Apprentice Boys Memorial Hall

So why would a British king want to build a new city in Ireland? As the Protestant king of a country that just a century before had been Catholic, and was still immersed in an often bloody religious reformation, his territory of Ireland was a bit too Catholic, uncivilized, and hostile for his taste. How better to tame them than by planting some proper, loyal, Presbyterian Scots amongst them? James started in Ulster in the north, the most resistant of the Irish provinces, with what became known as the Ulster Plantation (for the planting of settlers, not crops). We call them Scots-Irish in the US. In Ireland they’re the Ulster Scots.

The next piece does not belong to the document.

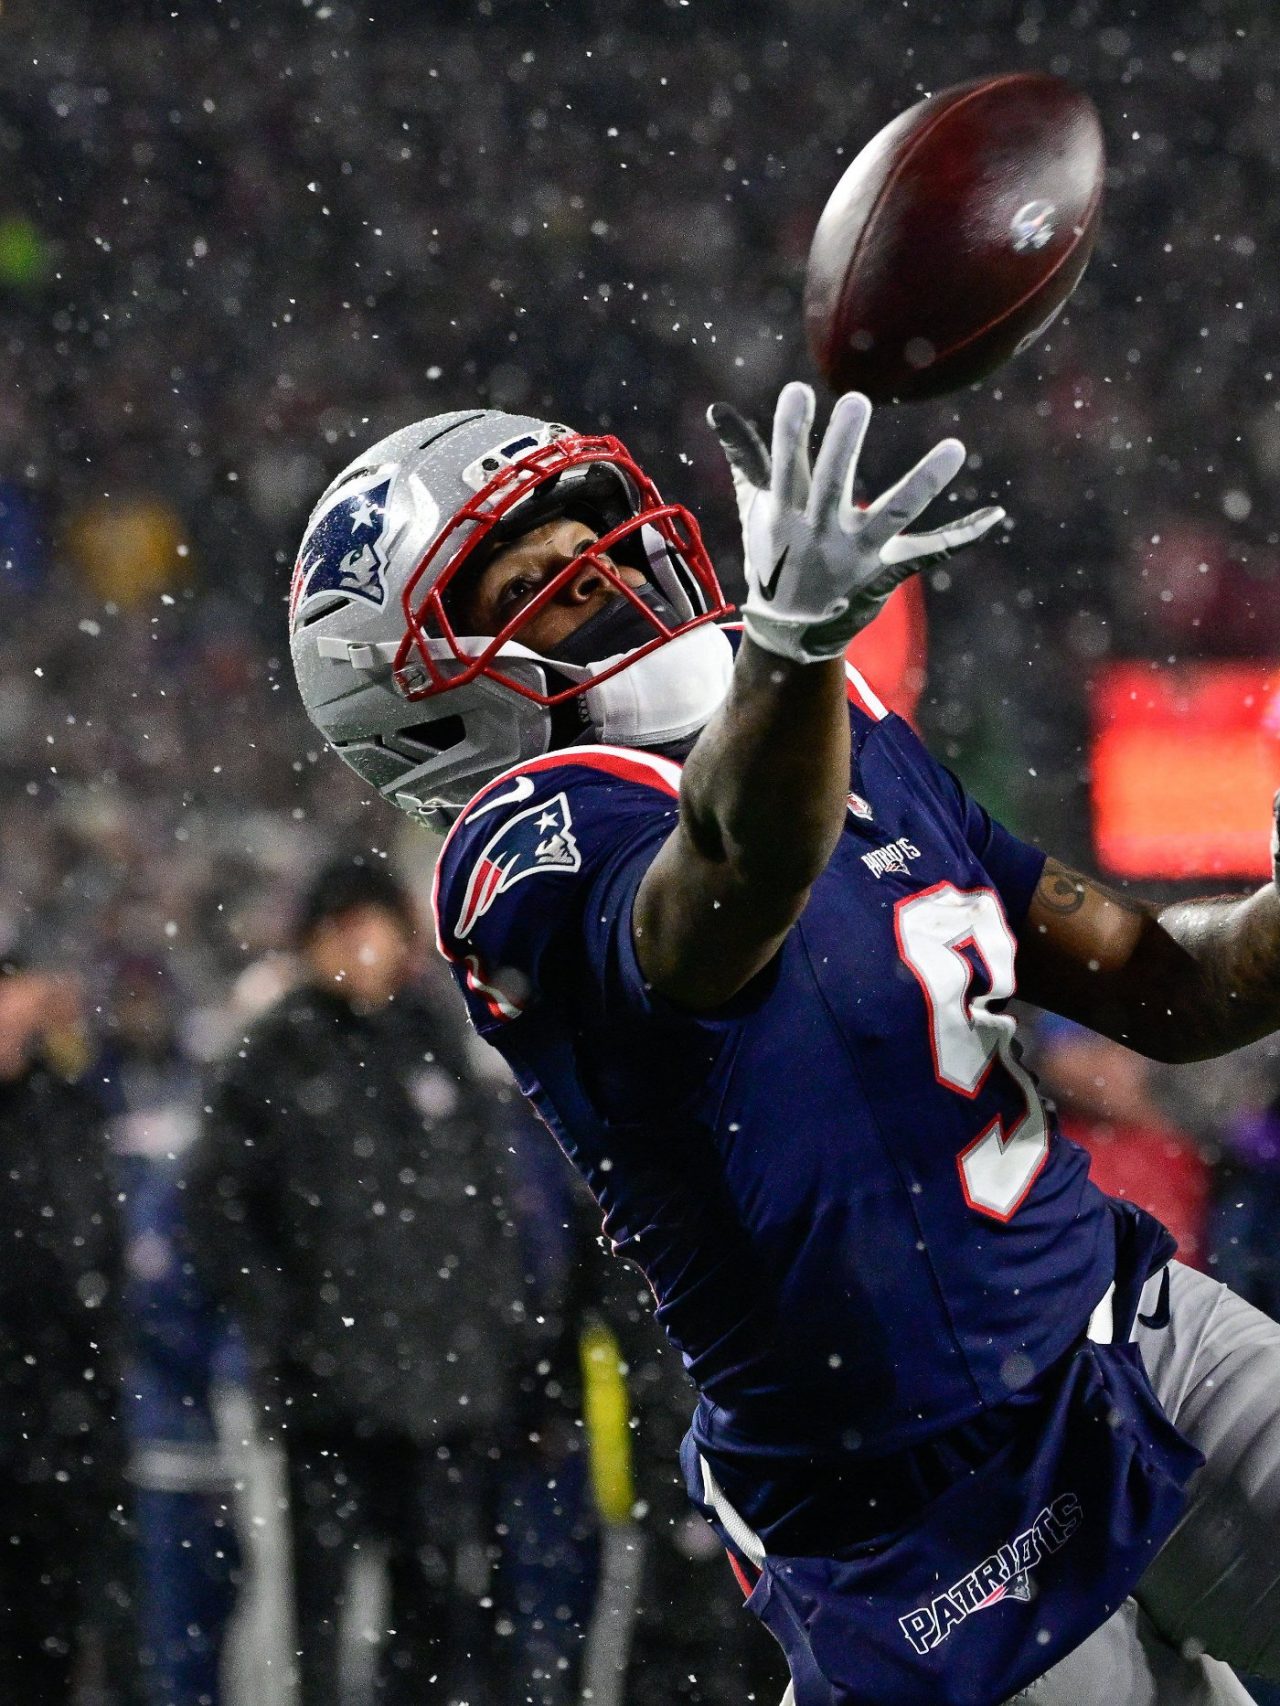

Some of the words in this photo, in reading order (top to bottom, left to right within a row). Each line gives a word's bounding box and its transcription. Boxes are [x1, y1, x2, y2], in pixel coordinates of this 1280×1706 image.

[861, 837, 921, 879] PATRIOTS
[894, 880, 1050, 1224] 9
[898, 1492, 1084, 1656] PATRIOTS

St. Augustine’s Church, within the walls

In a remarkable feat of early urban planning, the London-backed The Honorable The Irish Society (that’s not a typo) built a beautiful walled city for the Scots in just five years, the only completely walled city remaining in Ireland today. Why was it walled? To keep out the unruly, and justifiably angry, native Irish whose lands had been confiscated to build the city. The British took the best, high ground on the River Foyle, relocating the Irish clans to the surrounding bogland.

St. Columba’s Cathedral

So how did James expect to assimilate the staid Scots with the wild Irish with a 12-to-35-foot thick stone wall between them? Well, in my humble opinion, that was just the beginning of the Troubles between Protestants and Catholics in Derry that surfaced again and again for 350 years, at times most violently. But that’s a story for another day.

the Guildhall

I believe my great-grandparents are descendants of the Ulster Scots. Based on a tip from a local genealogist, my sister has found the Irish parishes they were from and will continue to trace their branches of the family tree as far as she can. 

Ebrington Square, former army barracks on the east side of the River Foyle

So am I Scots or Irish? I’m sure in the 250 years, from the time the Scots settled in Ireland until my great-grandparents’ emigrated to America, there was a little assimilation going on. Don’t you think? I would say I’m both, but then again it’s complicated.